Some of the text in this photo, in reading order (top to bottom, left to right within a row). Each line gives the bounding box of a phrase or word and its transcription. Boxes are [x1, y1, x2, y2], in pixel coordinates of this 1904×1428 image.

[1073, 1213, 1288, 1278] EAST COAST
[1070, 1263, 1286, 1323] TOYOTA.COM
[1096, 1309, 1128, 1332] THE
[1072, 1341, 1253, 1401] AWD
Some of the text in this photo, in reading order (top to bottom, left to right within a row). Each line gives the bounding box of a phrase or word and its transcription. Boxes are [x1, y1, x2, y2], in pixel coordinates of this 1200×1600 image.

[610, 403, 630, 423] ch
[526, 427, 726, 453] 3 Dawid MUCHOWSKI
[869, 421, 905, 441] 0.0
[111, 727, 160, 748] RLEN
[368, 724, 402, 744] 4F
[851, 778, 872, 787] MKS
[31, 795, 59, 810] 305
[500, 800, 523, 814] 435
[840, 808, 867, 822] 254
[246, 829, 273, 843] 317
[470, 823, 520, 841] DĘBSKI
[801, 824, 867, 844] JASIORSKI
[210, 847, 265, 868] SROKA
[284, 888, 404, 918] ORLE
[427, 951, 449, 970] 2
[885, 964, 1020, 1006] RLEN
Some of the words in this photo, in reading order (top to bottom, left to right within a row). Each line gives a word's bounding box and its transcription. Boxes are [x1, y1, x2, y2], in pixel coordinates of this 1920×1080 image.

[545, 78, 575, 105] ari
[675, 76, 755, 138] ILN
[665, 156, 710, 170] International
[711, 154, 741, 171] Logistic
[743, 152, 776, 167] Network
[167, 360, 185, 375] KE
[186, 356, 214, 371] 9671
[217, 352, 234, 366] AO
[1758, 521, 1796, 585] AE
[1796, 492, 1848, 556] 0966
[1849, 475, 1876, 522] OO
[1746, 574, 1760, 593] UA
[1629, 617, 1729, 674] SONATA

> _WHAT IS REQUIRED_
Please return exactly the lines from the one containing "Some of the words" through the end of the entries above, adding no other line.

> _THE COMPLETED TASK_
Some of the words in this photo, in reading order (top to bottom, left to right within a row). Each line gives a word's bounding box and its transcription. Boxes are [x1, y1, x2, y2], in pixel coordinates of this 1920×1080 image.

[545, 78, 575, 105] ari
[675, 76, 755, 138] ILN
[665, 156, 710, 170] International
[711, 154, 741, 171] Logistic
[743, 152, 776, 167] Network
[167, 360, 185, 375] KE
[186, 356, 214, 371] 9671
[217, 352, 234, 366] AO
[1758, 521, 1796, 585] AE
[1796, 492, 1848, 556] 0966
[1849, 475, 1876, 522] OO
[1746, 574, 1760, 593] UA
[1629, 617, 1729, 674] SONATA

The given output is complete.